> [HOW TO COMPLETE THIS TASK] Each line below with the string "SILURES" should be copied.

> [INFORMATION GIVEN]
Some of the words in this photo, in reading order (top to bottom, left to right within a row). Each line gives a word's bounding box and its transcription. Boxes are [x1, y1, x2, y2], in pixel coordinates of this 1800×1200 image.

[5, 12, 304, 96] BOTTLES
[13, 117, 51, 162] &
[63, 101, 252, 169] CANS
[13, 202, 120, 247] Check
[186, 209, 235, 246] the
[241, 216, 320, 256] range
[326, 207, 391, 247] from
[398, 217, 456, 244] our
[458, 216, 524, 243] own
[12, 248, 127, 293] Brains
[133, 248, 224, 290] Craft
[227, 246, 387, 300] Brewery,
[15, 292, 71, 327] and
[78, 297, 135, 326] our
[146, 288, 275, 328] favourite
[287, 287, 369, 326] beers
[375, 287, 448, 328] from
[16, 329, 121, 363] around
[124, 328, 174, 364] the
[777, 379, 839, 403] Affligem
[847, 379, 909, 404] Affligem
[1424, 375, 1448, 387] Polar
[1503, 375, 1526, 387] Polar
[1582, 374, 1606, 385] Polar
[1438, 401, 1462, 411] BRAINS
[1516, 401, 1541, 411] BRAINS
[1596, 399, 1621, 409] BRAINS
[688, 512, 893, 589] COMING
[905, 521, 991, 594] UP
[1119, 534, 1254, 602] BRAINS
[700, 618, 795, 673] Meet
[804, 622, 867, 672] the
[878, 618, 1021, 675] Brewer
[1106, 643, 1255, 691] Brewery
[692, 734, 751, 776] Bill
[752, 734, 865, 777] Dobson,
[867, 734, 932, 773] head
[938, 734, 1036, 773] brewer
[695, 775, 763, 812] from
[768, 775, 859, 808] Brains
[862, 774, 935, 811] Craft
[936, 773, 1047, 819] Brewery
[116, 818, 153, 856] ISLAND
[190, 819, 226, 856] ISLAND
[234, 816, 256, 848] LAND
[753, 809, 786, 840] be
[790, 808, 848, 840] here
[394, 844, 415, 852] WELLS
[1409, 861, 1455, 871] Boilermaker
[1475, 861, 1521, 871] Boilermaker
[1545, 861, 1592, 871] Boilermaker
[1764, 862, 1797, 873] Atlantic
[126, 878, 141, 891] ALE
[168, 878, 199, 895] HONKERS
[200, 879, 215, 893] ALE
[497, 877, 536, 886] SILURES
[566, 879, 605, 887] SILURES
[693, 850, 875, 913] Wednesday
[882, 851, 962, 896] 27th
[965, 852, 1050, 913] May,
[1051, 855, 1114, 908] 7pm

> [ANSWER AREA]
[497, 877, 536, 886] SILURES
[566, 879, 605, 887] SILURES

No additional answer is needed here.